What is Compulsive Gambling?
An inability to control your impulses is what in psychiatry is referred to as a compulsive disorder. Pathological or compulsive gambling is defined as gambling in excess which causes financial, family, or even work-related problems. There is a fine line between occasional gambling and problem gambling, but where do we draw that line?
Today’s culture tolerates moderate drinking, moderate gambling, etc. However, the same as with alcohol use, gambling tends to turn from a mere hobby to a serious impairment affecting a person’s life. Many gamblers typically don’t know that they have a problem. Unfortunately for them, they come to this realization when it’s probably already too late.
So, how to know the difference between a compulsive gambler and a pathological gambler?
Some people gamble recreationally, some take time off of work or some other recreational activity to be able to bet. This kind of gambling may or may not turn to something worse. Every person is handling things differently, some people are able to take control and enjoy gambling often without falling into gambling addiction.
However, when it comes to pathological gambling there are a couple of telling signs that are usually observed in a time period of 12 months. If you, or your loved one, are experiencing three or more of the following signs, you may need to seek professional help.
- Progressively taking more and more risks in gambling
- A couple of unsuccessful attempts to quit
- Feeling restless when not gambling
- Preoccupied thoughts about gambling, talking about gambling, reliving previous experiences
- Lying about the amount of money and time spent on gambling
- Losing job or work opportunities due to gambling
- Financial troubles or getting into debts
Compulsive gambling starts as recreational gambling and it usually starts in early adolescence in men, and between the age 20–40 in women.

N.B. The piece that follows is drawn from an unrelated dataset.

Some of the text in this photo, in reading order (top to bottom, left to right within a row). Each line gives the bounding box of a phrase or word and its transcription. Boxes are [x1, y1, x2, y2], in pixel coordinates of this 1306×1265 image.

Many professionals have tried to get to the bottom of this, however, the exact causes that lead to compulsive gambling are not well-understood. However, there are a couple of risk factors:
Mental Health Disorders
People who slide into addiction, no matter which one, are the ones having previous mental health issues or substance abuse problems. Pathological gambling is very similar to alcoholism, drug abuse, or any other psychological issues that trigger a person into developing a gambling habit. People with similar problems are also triggered by stressful situations that can worsen their gambling habit.
Compulsive habits are often developed at a much younger age, during a person’s adolescence, or during the middle-aged period when people have extra time and, of course, money for such a hobby. However, every adult can develop this habit at any time, there are no concrete rules.
Influenced by Others
Some people have had little to no encounters with gambling before their loved ones eventually showed them this form of entertainment. Usually, the problem is that every person is different in terms of how much control they have over their lives. This is why such a recommendation can potentially harm the person and turn that form of entertainment to an unhealthy habit.

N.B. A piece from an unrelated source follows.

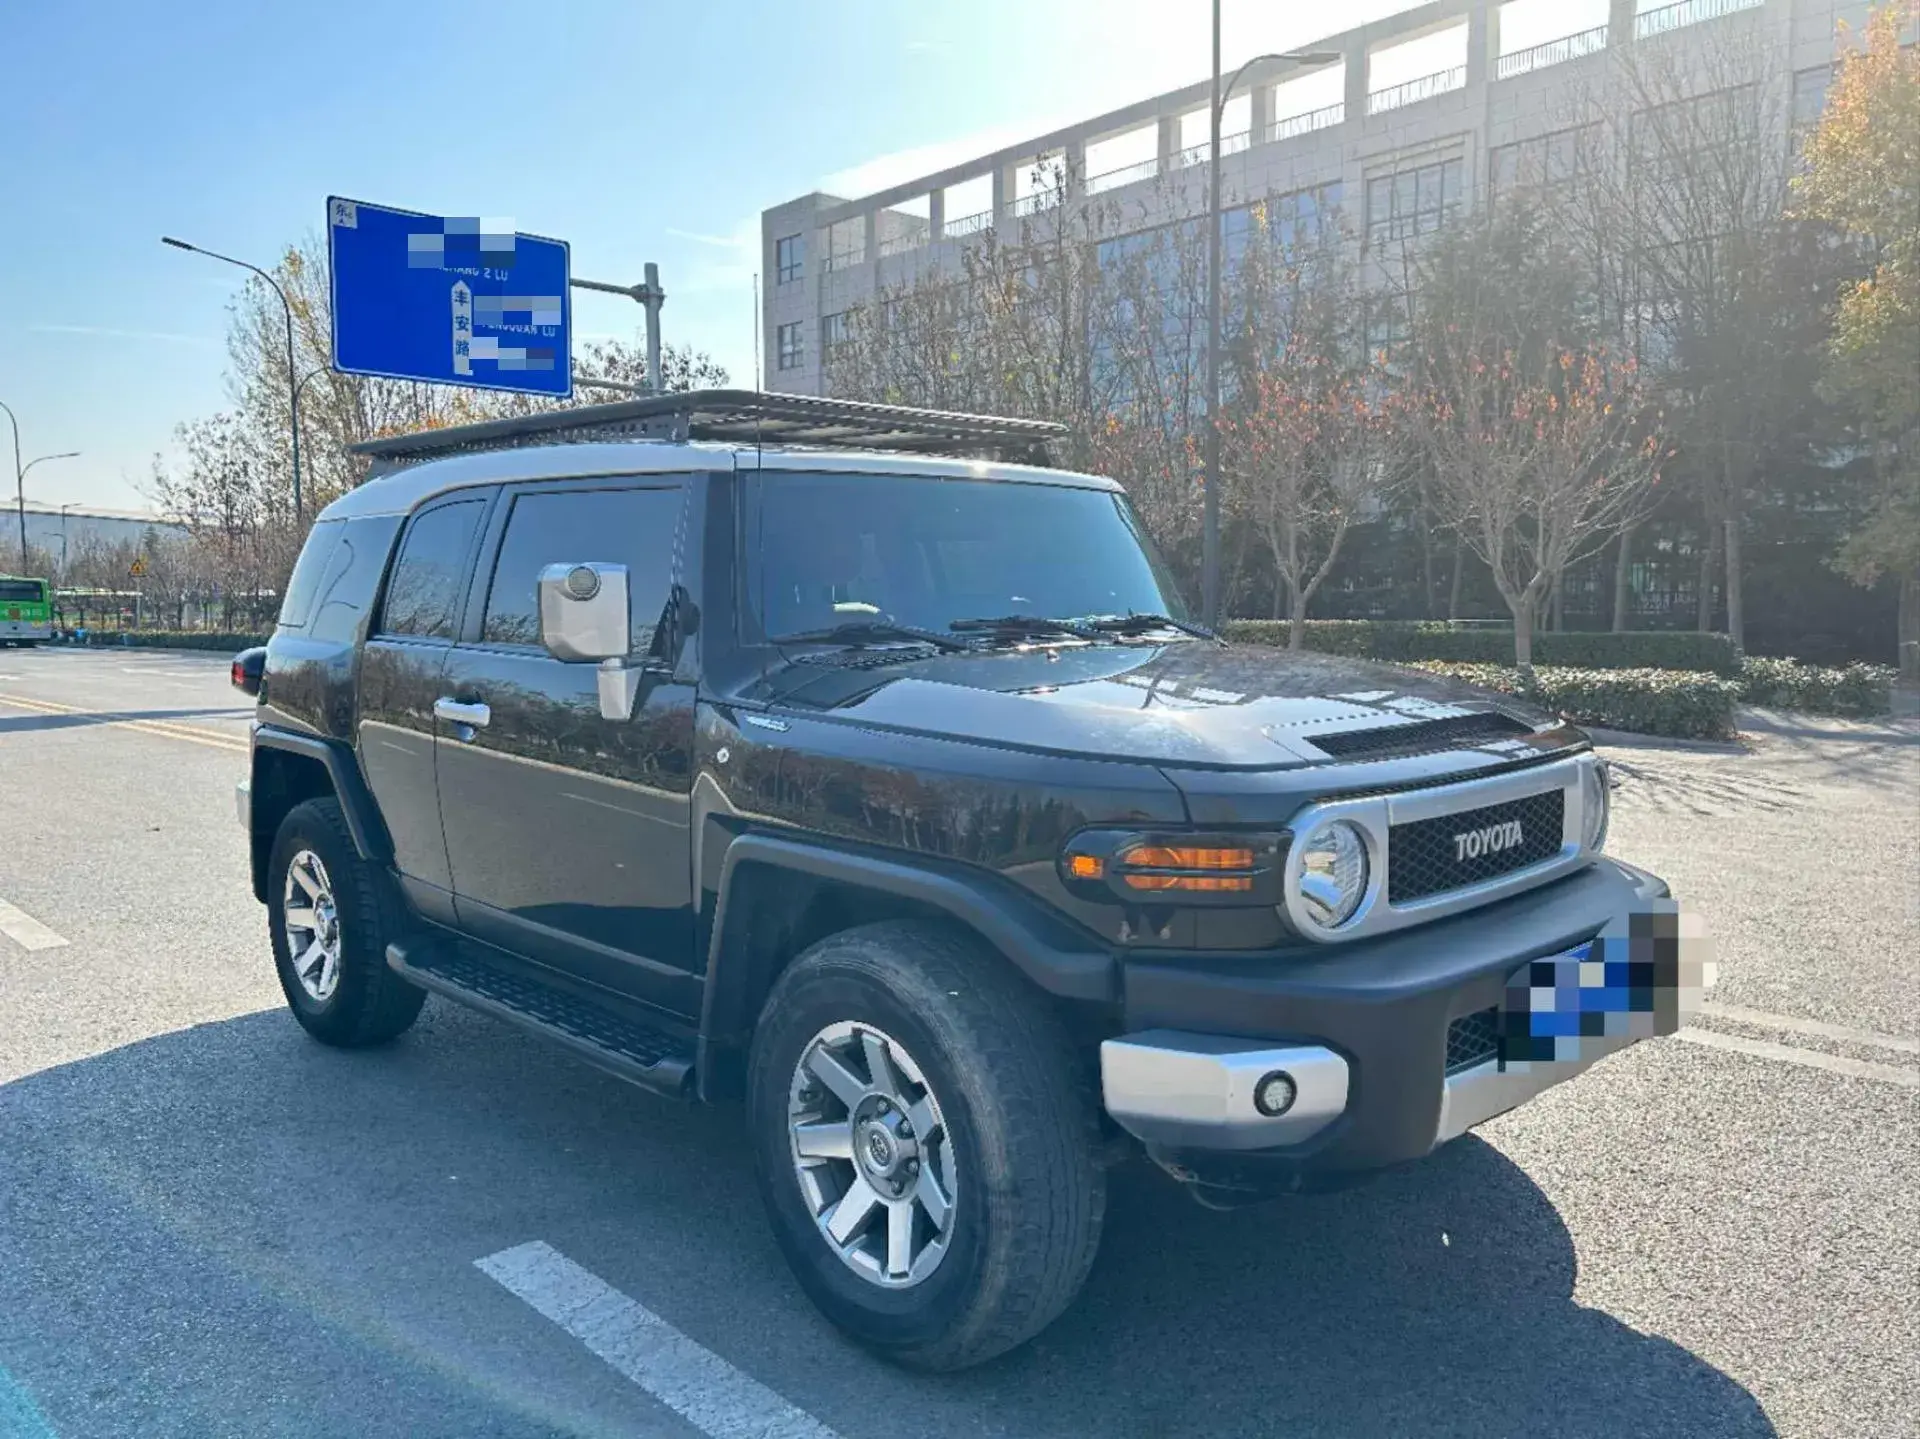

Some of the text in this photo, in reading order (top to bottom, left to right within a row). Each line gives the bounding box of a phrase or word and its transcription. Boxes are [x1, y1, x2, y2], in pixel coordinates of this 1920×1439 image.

[494, 268, 508, 281] LU
[542, 325, 556, 337] LU
[1454, 820, 1523, 862] TOYOTA

Medication Used in the Treatment of Parkinson’s Disease or Restless Leg Syndrome
There are a couple of studies that managed to find a correlation between dopamine released from the medication while treating Parkinson’s and compulsive gambling. However, there also many studies where scientists conjecture that the affected patients have underlying risk factors.
Certain Personality Characteristics
People who are competitive, impulsive, or easily bored are at risk of developing a compulsive gambling habit.
The treatment starts with a person admitting that they have a problem. Once they make a firm decision that they need to seek professional help, their road to recovery may commence.
There are plenty of treatment options, depending on a person’s preference. Individual therapy usually follows a cognitive-behavioural approach that has shown incredible results in treating compulsive gamblers. This therapy is best used in combination with self-help support groups such as Gambler Anonymous. This 12-step program meets weekly, sharing experiences, and helping each other to cope with their problems, develop new skills, and finally quit.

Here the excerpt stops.